The original buildings were constructed in the Gothic Revival style, using a combination of red Suffolk brick and Bath stone dressings. Though Brereton had published in 1874 an extensive plan of the proposed college, the buildings at the time of opening were significantly more spartan, lacking important facilities including a hall.

Several years later, Cambridge architect William Wren designed additions to the eastern end of the college buildings in the Neo-Gothic style.

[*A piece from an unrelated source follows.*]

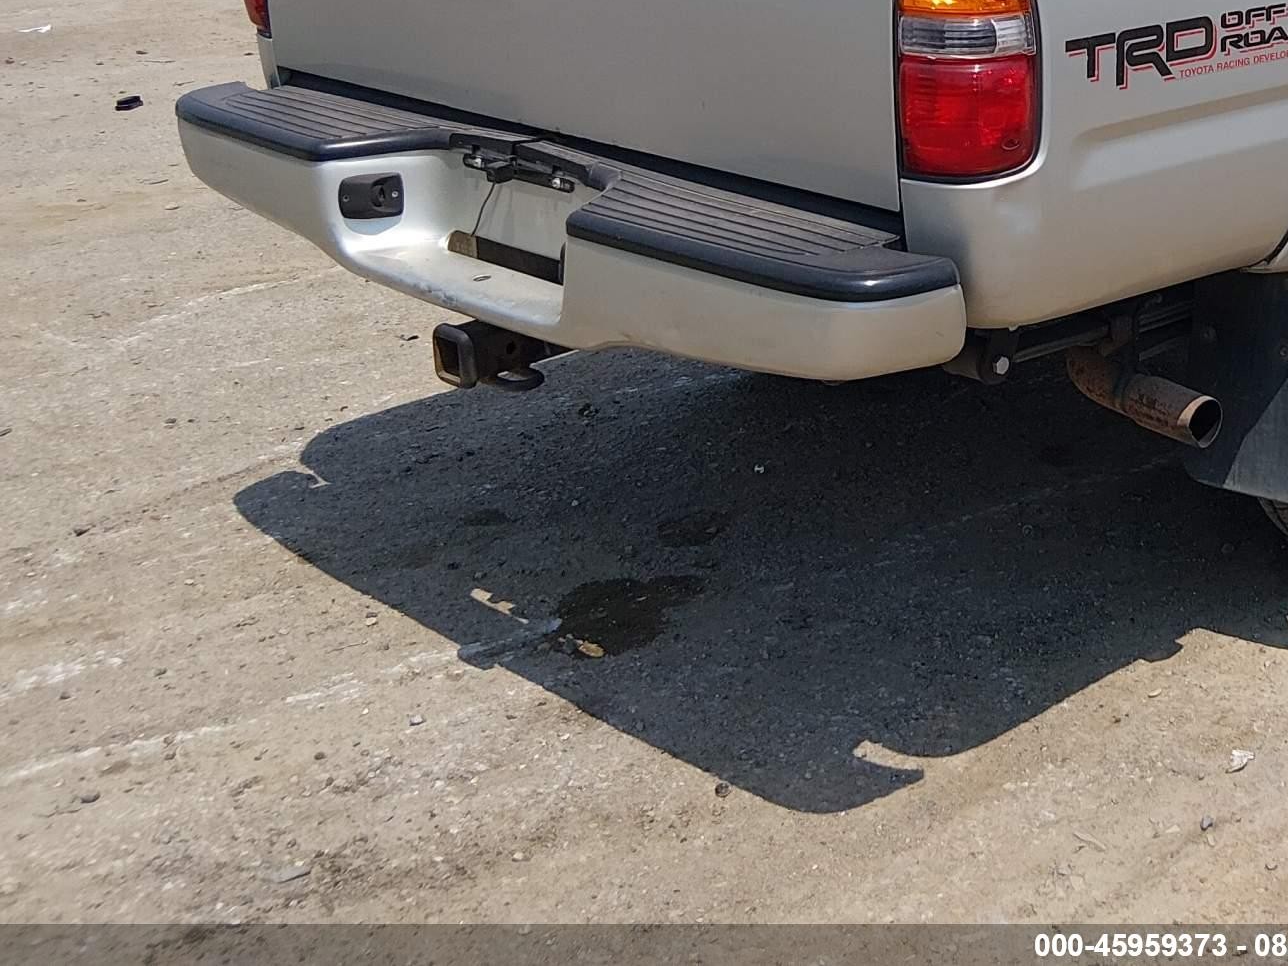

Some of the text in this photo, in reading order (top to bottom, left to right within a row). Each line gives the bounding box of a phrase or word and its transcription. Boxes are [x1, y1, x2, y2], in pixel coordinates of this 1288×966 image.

The Great Hall was constructed in 1889, and was at the time the largest college hall in Cambridge. It features a hammer-beam roof, American walnut panelling, a gallery, rose windows and a flèche.

=== Demise ===

The venture received educational and ecclesiastical support. However, the proprietary principle was not welcomed by some, and the public schools withheld their recognition. Other factors were the distance of the college from the centre of Cambridge, (more than 1 mile), and inferior accommodation. The scheme proved financially unsuccessful, and the college was dissolved in 1892.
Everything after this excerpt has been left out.